L'équipe d'Eeman joue un rôle essentiel dans le maintien de cette originalité. "La créativité s'épanouit lorsque l'on dispose d'une équipe diversifiée qui apporte des perspectives différentes. Nous apprécions le pouvoir de la collaboration et encourageons les idées novatrices. C'est un défi permanent que d'explorer de nouvelles voies et de ne pas être contraint par des modèles de conception fixes. Chez nous, la conception initiale est donc souvent rejetée immédiatement. Bien qu'elle puisse donner une direction, nous la considérons comme la voie la plus évidente, et c'est précisément ce que nous voulons éviter."
À l'intérieur des lignes
L'influence de facteurs externes, tels que les règlements d'urbanisme, joue également un rôle dans le processus de conception: "Il est de plus en plus nécessaire d'opérer dans des cadres juridiques et de se conformer aux règlements d'urbanisme. Autrefois, les gens jouissaient d'une plus grande liberté, mais aujourd'hui ce n'est plus le cas. Des aspects tels que le degré de durcissement, l'infiltration de l'eau et les réglementations relatives à l'abattage des arbres gagnent en importance. Ces règles sont plus strictes que jamais et sont maintenant réellement appliquées."
"Il est possible d'aborder cette évolution de deux manières: comme des barrières à l'intérieur desquelles opérer, ou comme des lignes directrices nécessaires qui peuvent réellement améliorer la qualité de la conception. Mon choix se porte résolument sur la seconde option. Après tout, il n'est pas seulement important qu'un jardin soit esthétiquement agréable, mais aussi qu'il soit un prolongement naturel de son environnement. Dans chaque processus de conception, j'essaie de promouvoir la durabilité et de préserver les écosystèmes locaux."

Le rôle d'un architecte de jardin
En développant davantage le thème de l'écologie, Dominique esquisse une image de l'avenir dans laquelle la sensibilisation à l'environnement jouera un rôle de plus en plus important dans l'architecture des jardins.
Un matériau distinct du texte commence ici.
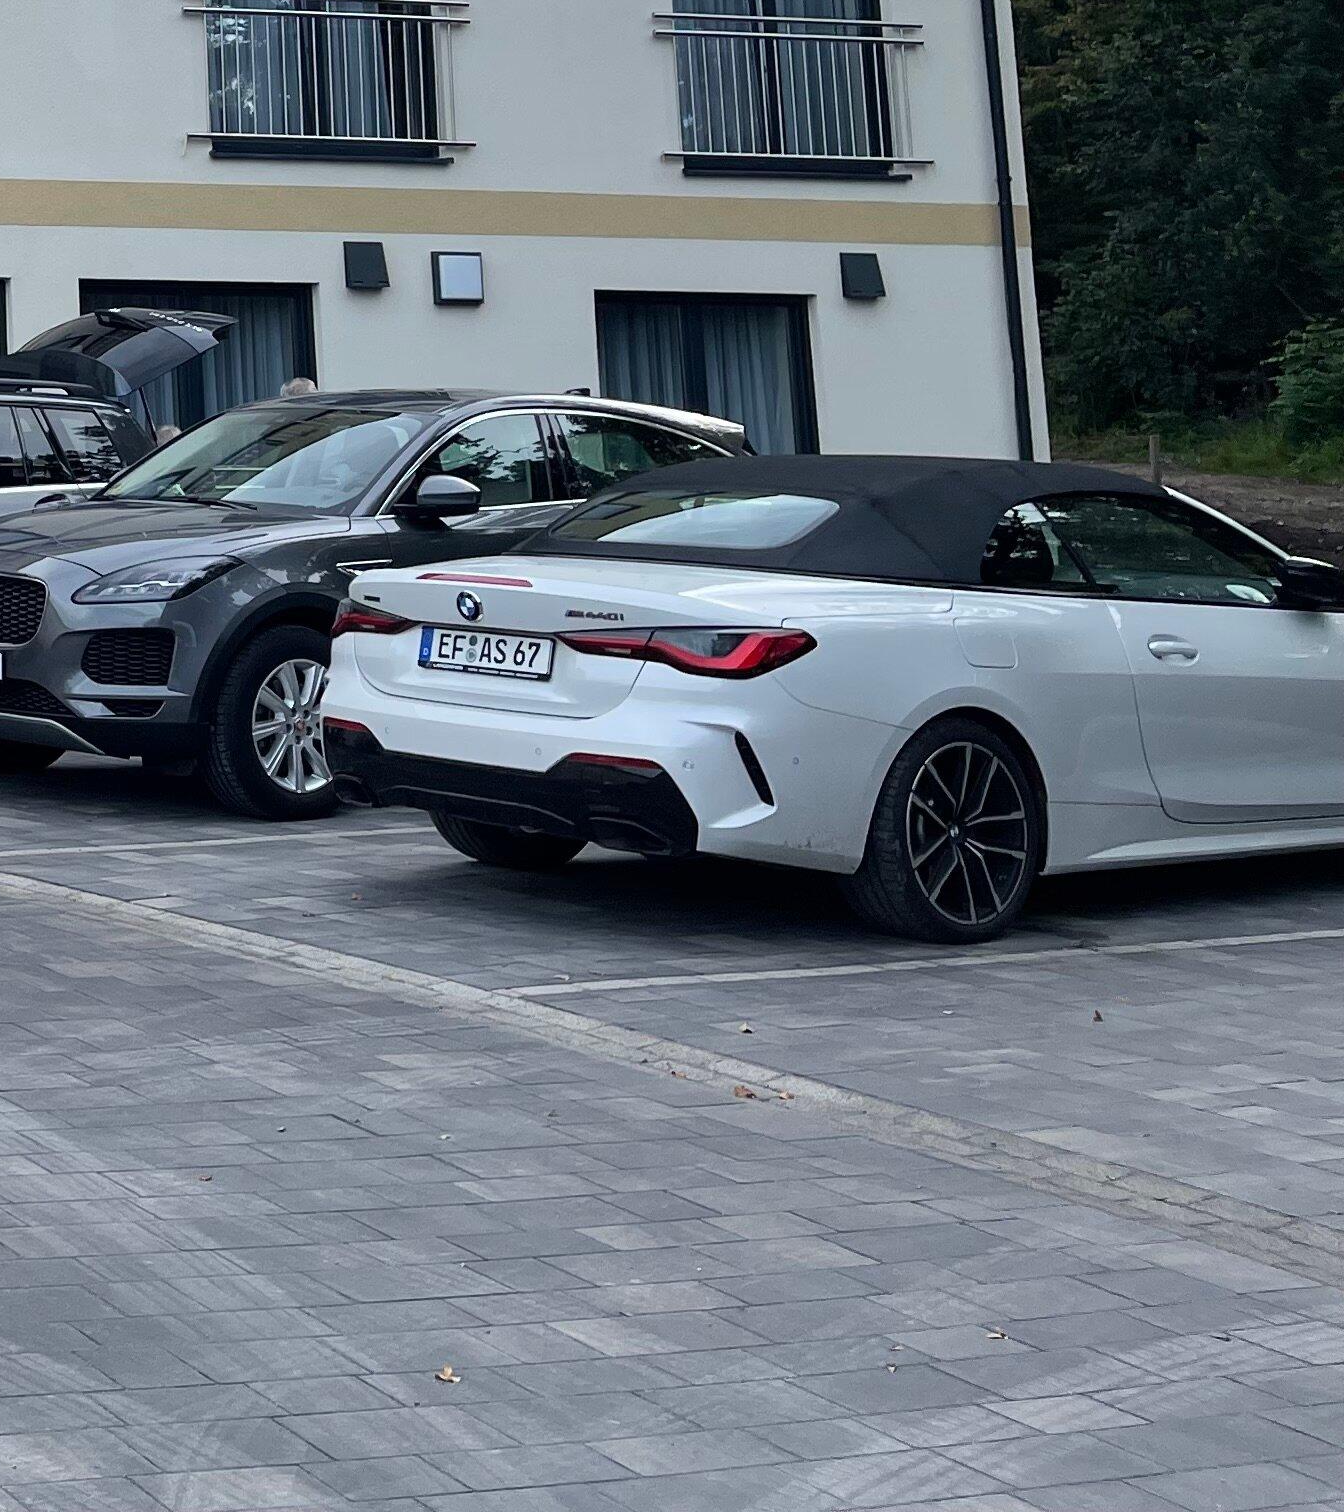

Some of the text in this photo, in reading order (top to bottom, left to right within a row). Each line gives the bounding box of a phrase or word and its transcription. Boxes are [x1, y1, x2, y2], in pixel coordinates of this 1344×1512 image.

Il insiste sur la nécessité de mettre l'accent sur les plantations indigènes et l'utilisation de matériaux respectueux de la nature. "Nous sommes à un tournant où l'accent est mis de plus en plus sur la flore locale. Les plantes indigènes sont adaptées au climat spécifique et favorisent la biodiversité. Le choix des pavés évolue également. Par exemple, on observe une augmentation notable des matériaux en pierre concassée, ce qui montre que la tendance à l'adoucissement est plus vivante que jamais", explique M. Eeman.
"En tant que paysagistes, notre travail consiste à souligner que la nature est plus qu'un simple accessoire de décoration"
En outre, il prévoit une prise de conscience croissante de la valeur des espaces verts en général. "Les gens commencent de plus en plus à reconnaître l'impact positif de la verdure sur leur bien-être. En tant que paysagistes, notre travail consiste à renforcer cette prise de conscience et à souligner qu'un cadre verdoyant est plus qu'un simple accessoire de décoration. Ce qui est fascinant dans notre profession, c'est que nous pouvons inspirer et encourager des clients qui, au départ, n'ont peut-être que peu d'intérêt ou de connaissances, à s'intéresser davantage à la nature."